Eales Disease
A rare ophthalmic disorder characterized by 3 stages: vasculitis, occlusion, and retinal neovascularization, leading to recurrent vitreous hemorrhages and vision loss.
Epidemiology
The prevalence is unknown. The disorder has been reported worldwide but is more commonly observed in the Indian subcontinent where the estimated annual incidence is 1/135-1/200 ophthalmic patients. Males are predominantly affected. Of late, the disease incidence seems to be reducing.
Clinical description
The predominant age of onset is 20-30 years (earlier in Asians). The disorder can appear in adolescence. Eales disease (ED) is characterized by 3 sequential vascular responses that determine the course of the disease: inflammation (peripheral retinal perivasculitis); occlusion (peripheral retinal capillary non-perfusion); and neovascularisation of the retina or disk, which often leads to vitreous hemorrhage. The first 2 stages are generally asymptomatic while vitreous hemorrhage (often sudden and unilateral) is characterized by small specks, floaters, ''cobwebs'' and a decrease in visual acuity (often remission). The fellow eye is affected in 50-90% of cases after a gap of 3-10 years. Recurrences are common. Recurrent bleeds result in tractional retinal detachments, retinal tears, and epimacular membranes. Others may show a mild reduction of vision associated with retinal vasculitis (without vitreous hemorrhage).
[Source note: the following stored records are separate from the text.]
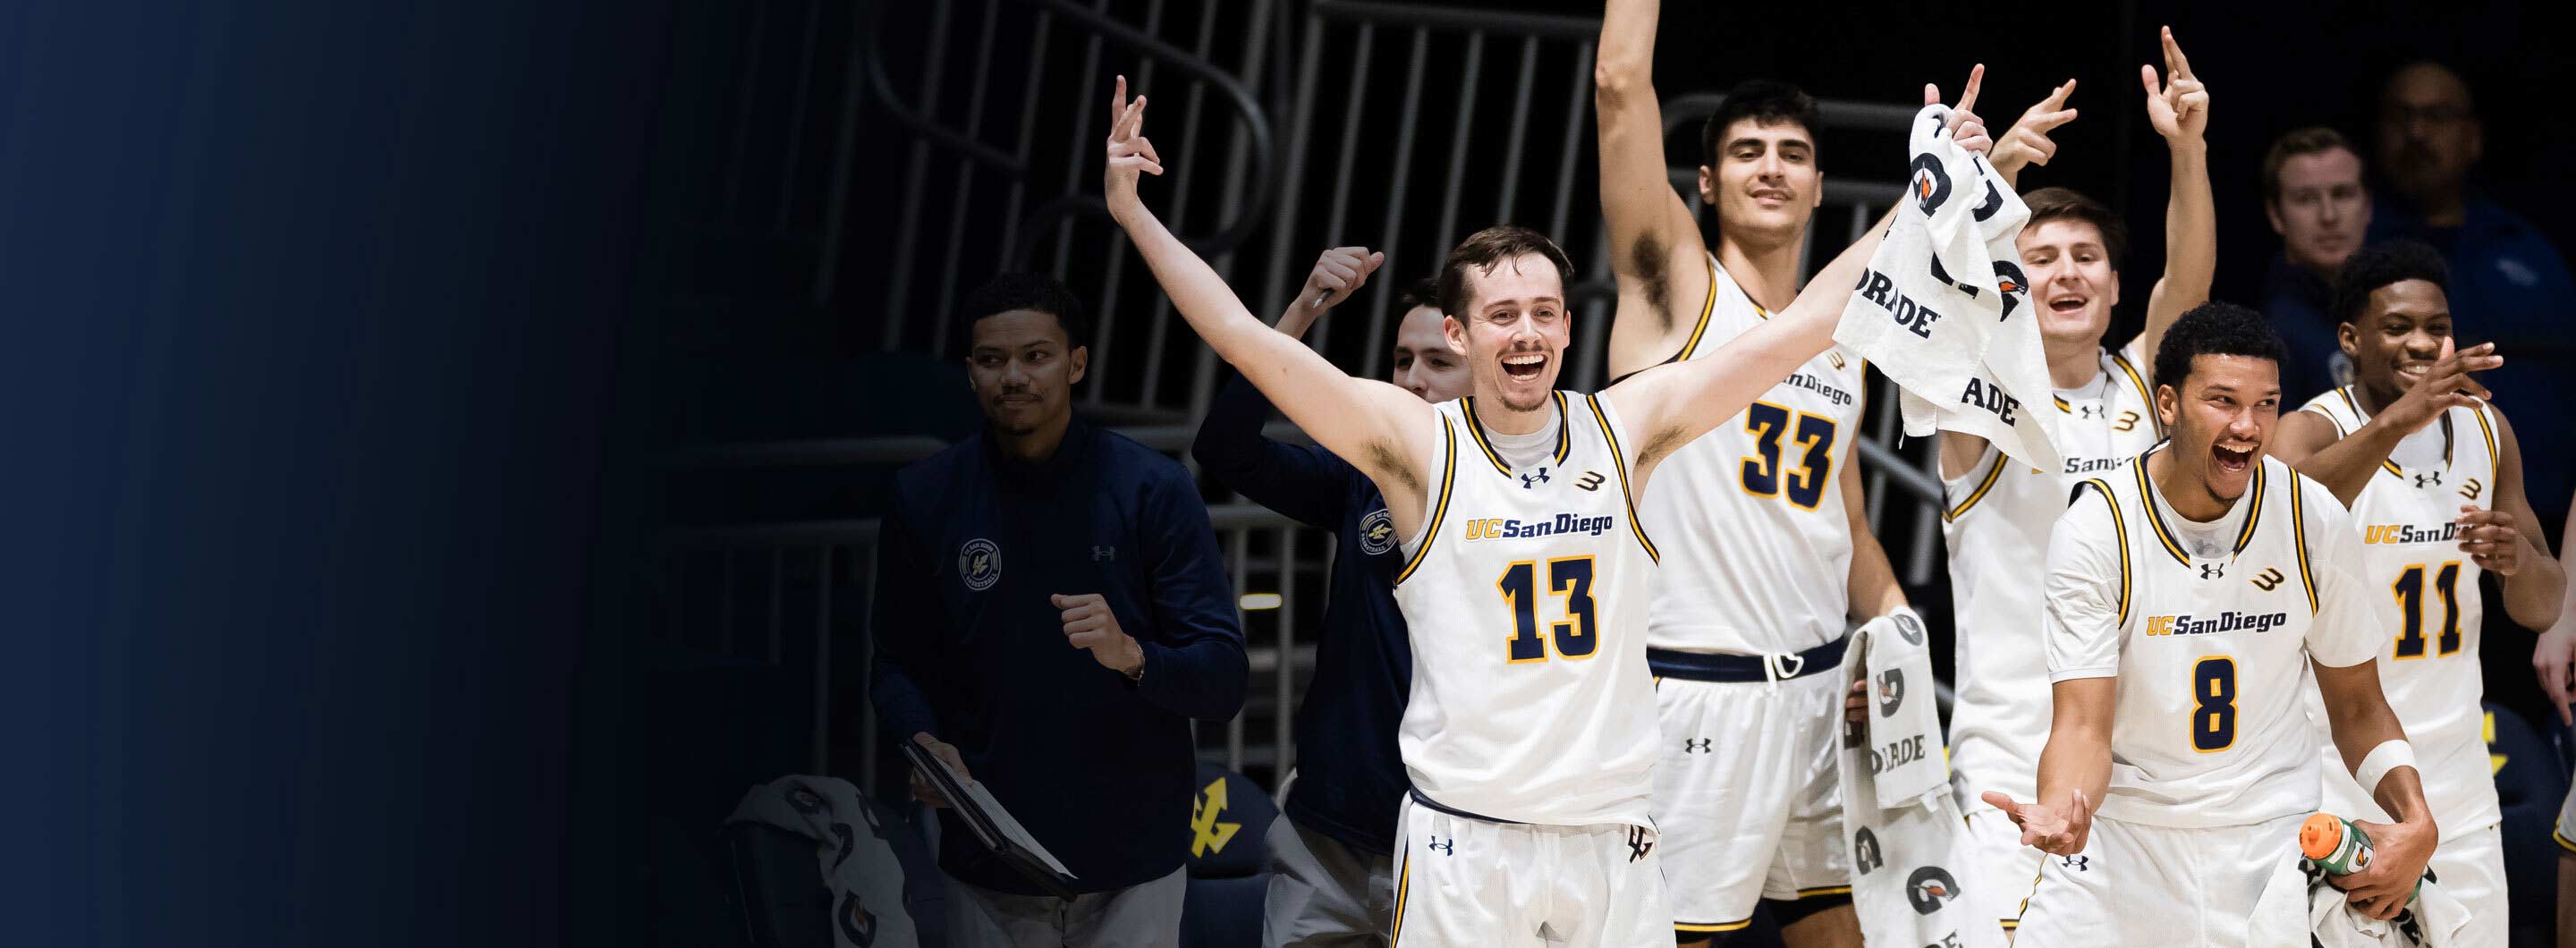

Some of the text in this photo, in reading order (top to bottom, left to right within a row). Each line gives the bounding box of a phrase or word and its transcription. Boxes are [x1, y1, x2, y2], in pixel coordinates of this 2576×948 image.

[1740, 400, 1838, 512] 33
[1496, 554, 1601, 664] 13
[2391, 560, 2462, 660] 11
[2190, 655, 2240, 754] 8
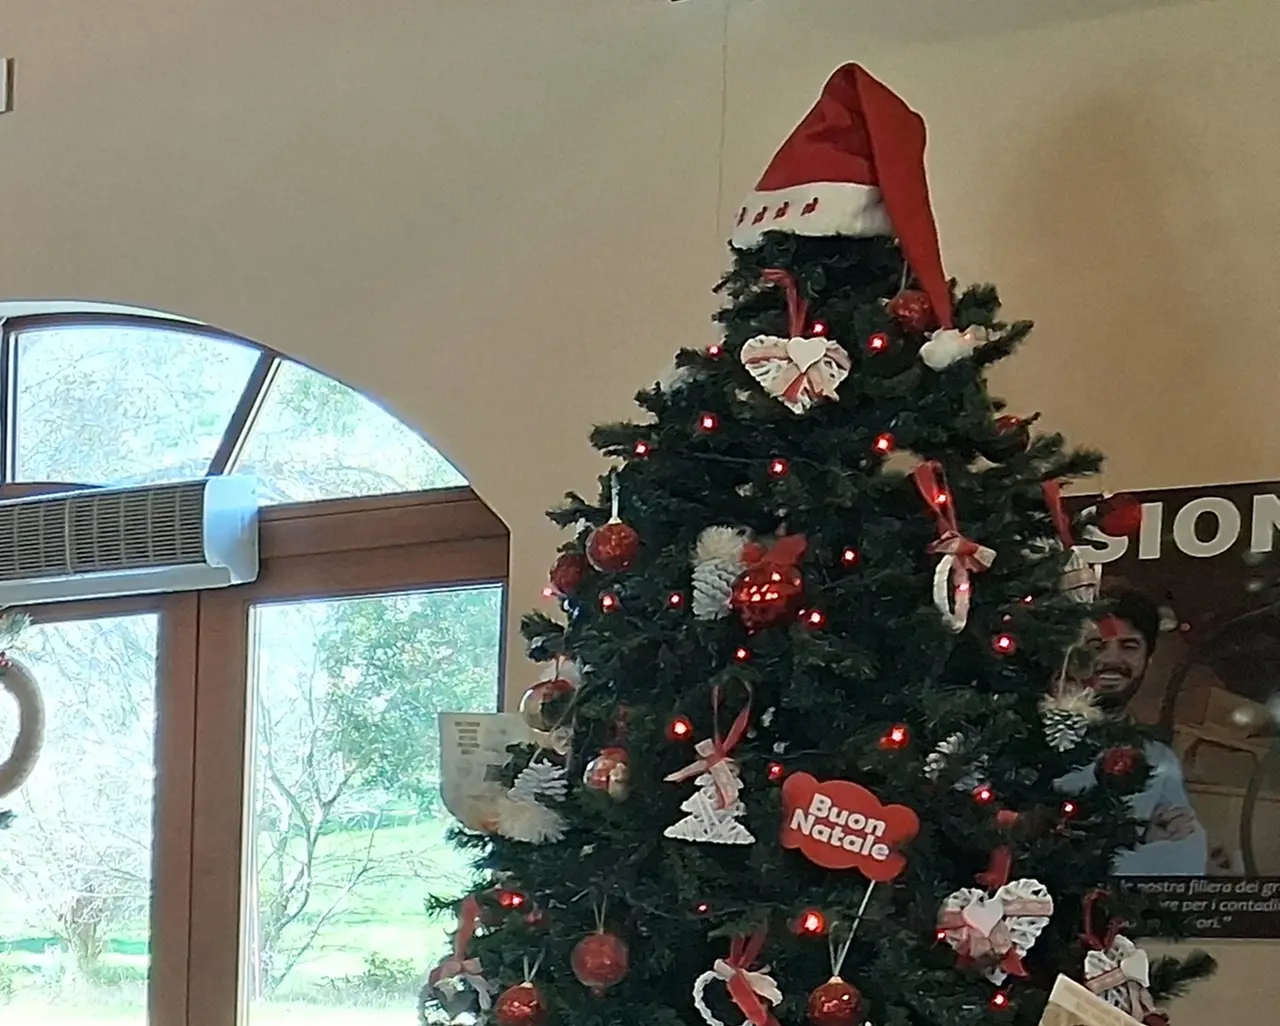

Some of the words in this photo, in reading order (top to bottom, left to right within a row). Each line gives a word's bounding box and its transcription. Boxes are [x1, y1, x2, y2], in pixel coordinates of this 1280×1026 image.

[808, 792, 886, 837] Buon
[790, 808, 890, 861] Natale
[1188, 878, 1231, 895] filiera
[1235, 880, 1259, 893] dei
[1182, 900, 1207, 912] per
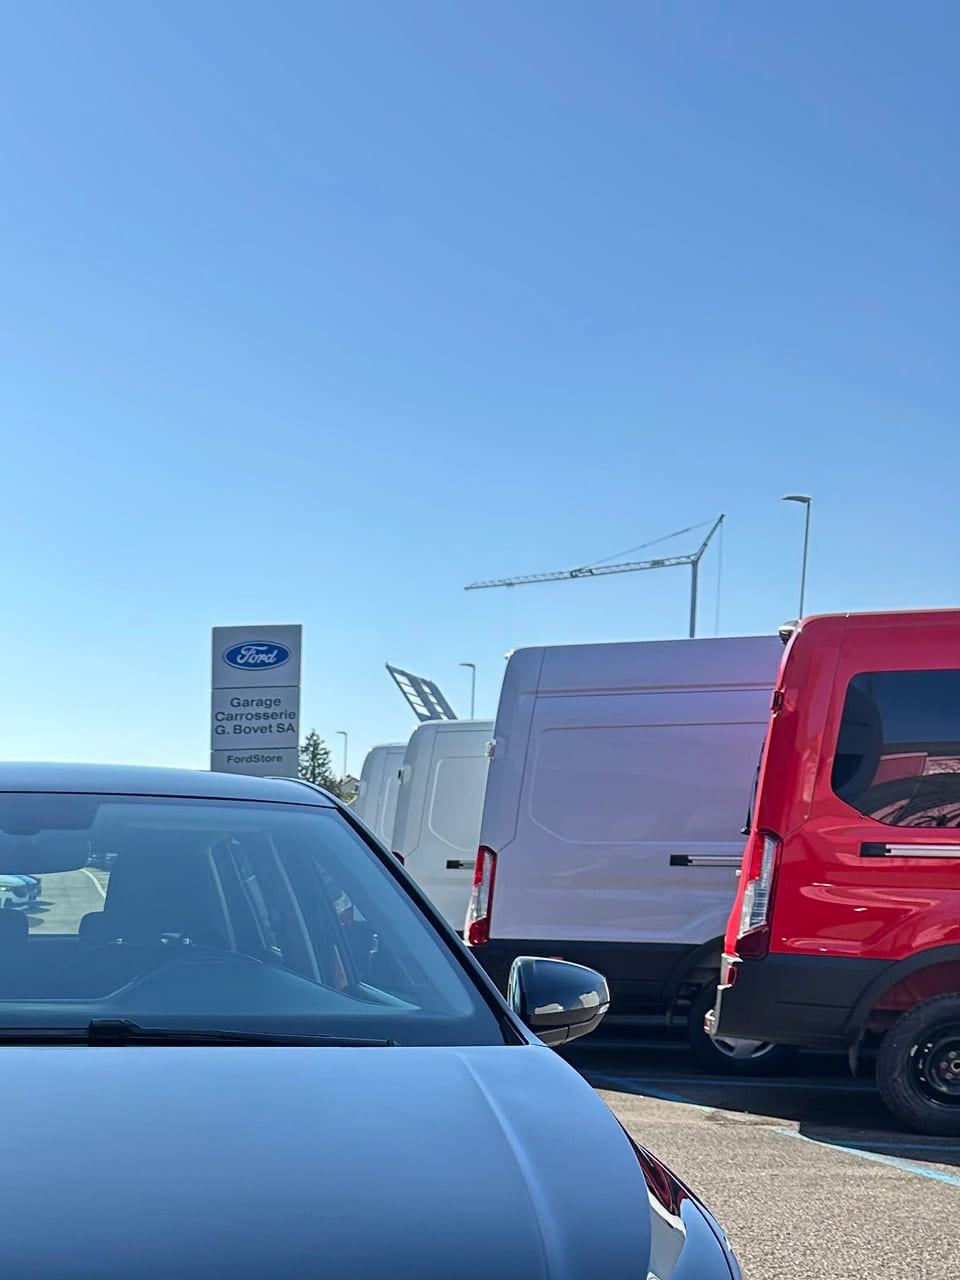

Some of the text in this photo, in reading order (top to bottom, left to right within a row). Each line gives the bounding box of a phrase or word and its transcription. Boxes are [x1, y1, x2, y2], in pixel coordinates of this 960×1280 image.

[236, 645, 278, 665] Ford
[230, 697, 282, 709] Garage
[214, 709, 297, 722] Carrosserie
[214, 722, 296, 736] G. Bovet SA
[226, 754, 283, 764] FordStore
In addition, headache, variation in peripheral circulation, dyspepsia, chronic constipation, and epistaxis have also been associated with ED. Saxena and Kumar classification is based on visual outcomes and is as follows: Stage 1: periphlebitis of small (1a) and large (1b) calibre vessels with superficial retinal hemorrhages; Stage 2a: capillary non-perfusion, 2b: neovascularization elsewhere/of the disc; Stage 3a: fibrovascular proliferation, 3b: vitreous hemorrhage; Stage 4a: traction/combined rhegmatogenous retinal detachment and 4b: rubeosis iridis, neovascular glaucoma, complicated cataract and optic atrophy.
Etiology
The etiology of ED remains elusive; Several immunological, molecular biological, and biochemical studies have indicated the roles of human leukocyte antigen, retinal S-antigen autoimmunity, Mycobacterium tuberculosis genome, free radical damage, and hyperhomocysteinemia in the pathogenesis of Eales disease. An increase of peptide growth factors like platelet-derived growth factor, insulin-like growth factor, epidermal growth factor, transforming growth factors alpha and bêta, vascular endothelial growth factor, urokinase, metalloprotease enzymes, and a 88 kDa protein has been reported.
Diagnostic methods
Diagnosis is based on fundus fluorescein angiography (FFA) findings that may show early changes such as periphlebitis, vascular sheathing or peripheral nonperfusion and neovascularization. Wide field angiography is useful for the detection of peripheral lesions in the retina. Ultrasonography is needed to rule out associated retinal detachment and ocular coherence tomography (OCT) offers high-resolution imaging of the retina.
Differential diagnosis
Differential diagnosis includes retinopathy of prematurity (ROP) sequelae, familial exudative vitreoretinopathy, sarcoidosis, Behçet disease, sickle cell anemia, Terson syndrome, posttraumatic vitreous hemorrhage, juvenile diabetes and primary branch retinal vein occlusion.
Management and treatment
Management is symptomatic and depends on the stage of the disease. It includes periodic assessment (in the regressed stage of periphlebitis s or fresh vitreous hemorrhage), steroids (periocular injections or systemic) and antitubercular drugs (in the active perivasculitis stage). Laser photocoagulation is used in case of neovascularisation of retina or gross capillary nonperfusion. Vitreous surgery is indicated in non-resolving vitreous hemorrhage (usually > 3 months). Intravitreal anti-VEGF therapy is currently being tested as a definitive therapy for ED.
Prognosis
Isolated episodes of vitreous hemorrhage usually settle down without visual deficit. However, some patients may lose vision significantly due to recurrent episodes of vitreous hemorrhage, macular changes, and tractional or combined retinal detachment involving the macula. Blindness due to ED is rare. There is no known mortality associated with the disease.